I guess that the isolated_map is just a cache of the
set of CPUs isolated in child cpusets, not an independently
settable mask, but it needs to be clearly marked as such
if so.
* Some code lines go past column 80.
* The name 'isolated' probably won't work. There is already
a boottime option "isolcpus=..." for 'isolated' cpus which
is (I think ?) rather different. Perhaps a better name will
fall out of the conceptual discussion, below.
* The change to the output format of the special cpuset file
'cpus', to look like '0-3[4-7]' bothers me in a couple of
ways. It complicates the format from being a simple list.
And it means that the output format is not the same as the
input format (you can't just write back what you read from
such a file anymore).
* Several comments start with the word 'Set', as in:
Set isolated ON on a non exclusive cpuset
Such wording suggests to me that something is being set,
some bit or value changed or turned on. But in each case,
you are just testing for some condition that will return
or error out. Some phrasing such as "If ..." or other
conditional would be clearer.
* The update_sched_domains() routine is complicated, and
hence a primary clue that the conceptual model is not
clean yet.
* None of this was explained in Documentation/cpusets.txt.
* Too bad that cpuset_common_file_write() has to have special
logic for this isolated case. The other flag settings just
turn on and off the associated bit, and don't trigger any
kernel code to adapt to new cpu or memory settings. We
should make an exception to that behaviour only if we must,
and then we must be explicit about the exception.

Ok - enough nits.

Now, onto the real stuff.

This same issue, in a strange way, comes up on the memory side,
as well as on the cpu side.

First, let me verify one thing. I understand that the _key_
purpose of your patch is not so much to isolate cpus, as it
is to allow for structuring scheduling domains to align with
cpuset boundaries. I understand real isolated cpus to be ones
that don't have a scheduling domain (have only the dummy one),
as requested by the "isolcpus=..." boot flag.
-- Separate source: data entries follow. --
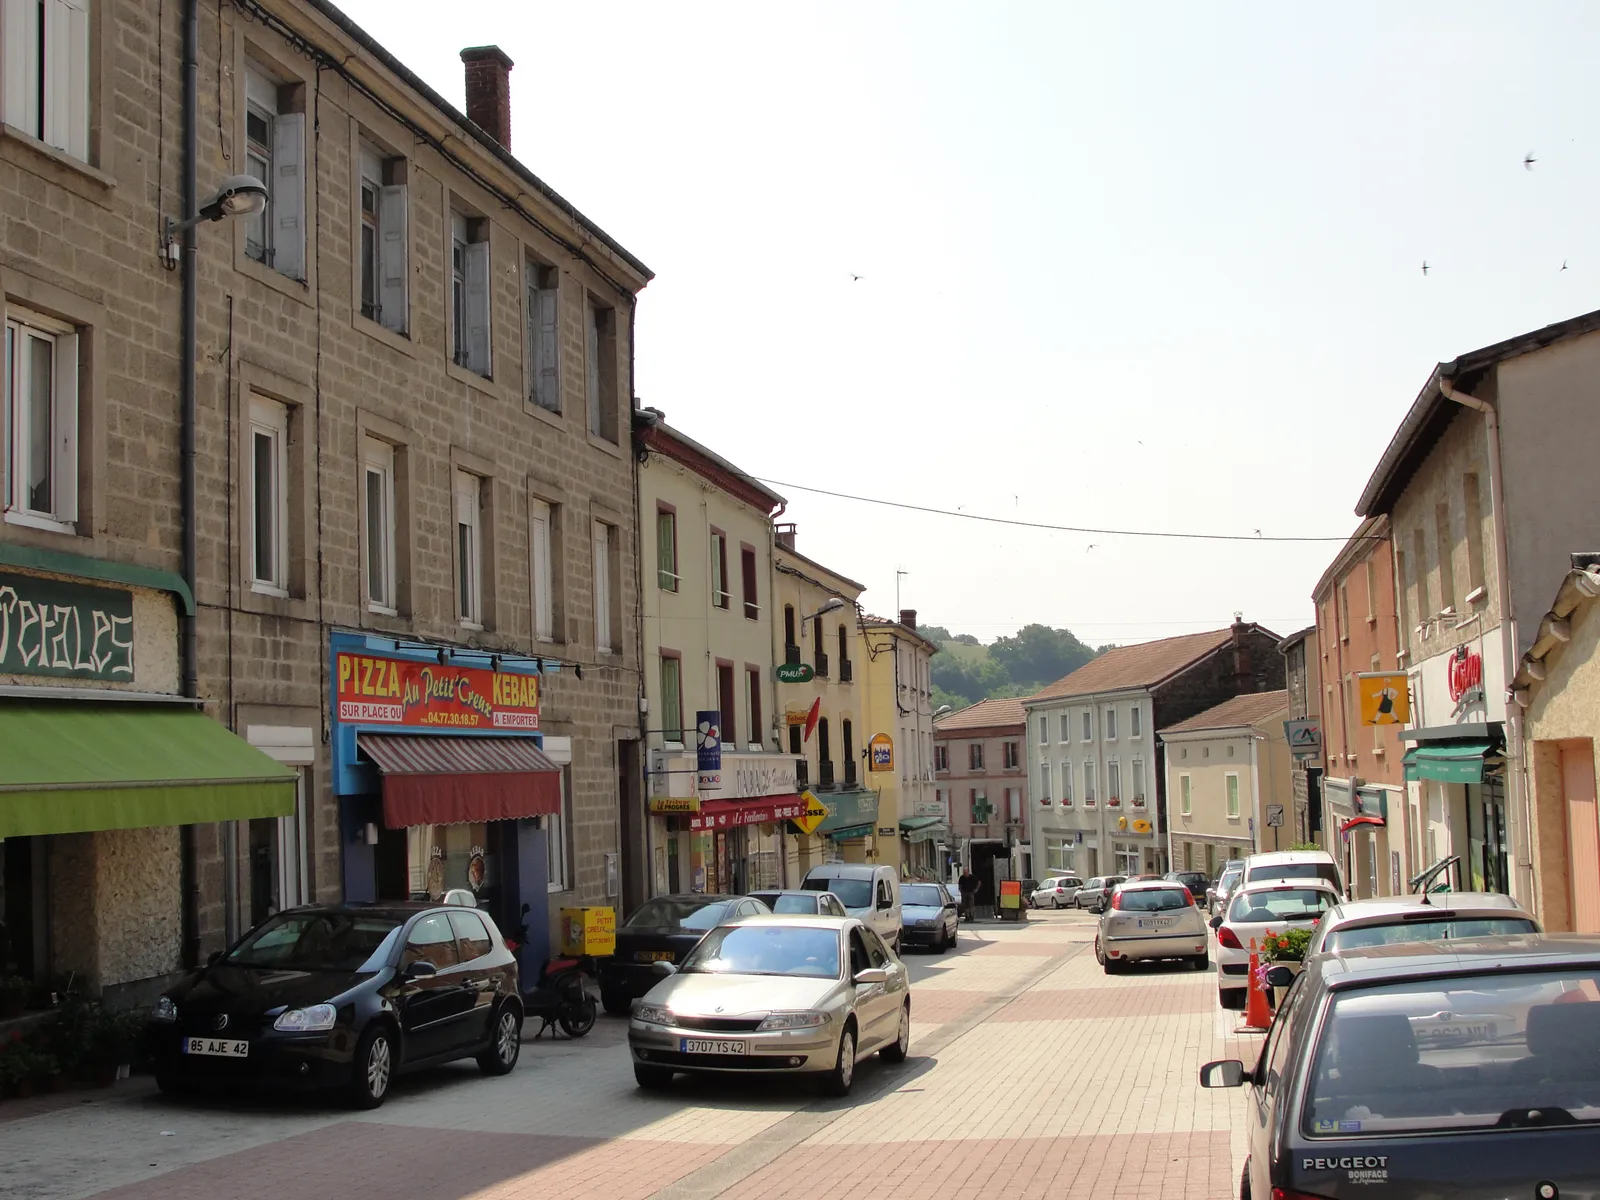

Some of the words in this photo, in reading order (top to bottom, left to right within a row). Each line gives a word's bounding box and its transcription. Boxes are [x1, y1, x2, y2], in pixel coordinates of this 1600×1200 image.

[339, 655, 401, 698] PIZZA
[780, 670, 798, 678] PMU
[402, 677, 420, 713] Au
[493, 674, 537, 708] KEBAB
[342, 704, 359, 717] SUR
[362, 705, 388, 718] PLACE
[391, 707, 402, 719] OU
[428, 712, 479, 725] 04.77.30.18.57
[495, 713, 500, 724] A
[502, 714, 537, 726] EMPORTER
[597, 917, 612, 925] PETIT
[190, 1040, 203, 1051] 85
[208, 1041, 228, 1053] AJE
[233, 1042, 247, 1054] 42
[688, 1040, 714, 1052] 3707
[716, 1041, 729, 1053] YS
[731, 1042, 744, 1053] 42
[1302, 1156, 1388, 1170] PEUGEOT
[1348, 1170, 1388, 1179] BONIFACE
The following code snippet from kernel/sched.c is what I derive
this understanding from:

===
static void __devinit arch_init_sched_domains(void)
{
...
/*
* Setup mask for cpus without special case scheduling requirements.
* For now this just excludes isolated cpus, but could be used to
* exclude other special cases in the future.
*/
cpus_complement(cpu_default_map, cpu_isolated_map);
cpus_and(cpu_default_map, cpu_default_map, cpu_online_map);

/*
* Set up domains. Isolated domains just stay on the dummy domain.
*/
for_each_cpu_mask(i, cpu_default_map) {
...
===

Second, let me describe how this same issue shows up on the
memory side.

Let's say, for example, someone has partitioned a large
system (100's of cpus and nodes) in two major halves
using cpusets, each half being used by a different
organization.

On one of the halves, they are running a large scientific
program that works on a huge data set that just fits in
the memory available on that half, and they are running
a set of related tools that run different passes over
that data.

Some of these tools might take several cpus, running
parallel threads, and using a little more data shared
by the threads in that tool. Each of these tools might
get its own cpuset, a child (subset) of the big cpuset
that defines the half of the system that this large
scientific program is running within.

The big dataset has to be constrained to the big cpuset
(that half of the system). The smaller tools have to
be constrained to their child cpusets, both for memory
and scheduling.

The individual threads of a tool should probably be
placed using the set_mempolicy and sched_setaffinity
calls, from within the tool. But the tool placement
typically needs to be done from the outside, which
placement cpusets handles better.

This results in some 'memory domains', which are
larger than a leaf node cpuset, smaller than the
entire system, and which will constrain some memory
allocations. In this example, the half of the
system holding the big data set is a memory domain.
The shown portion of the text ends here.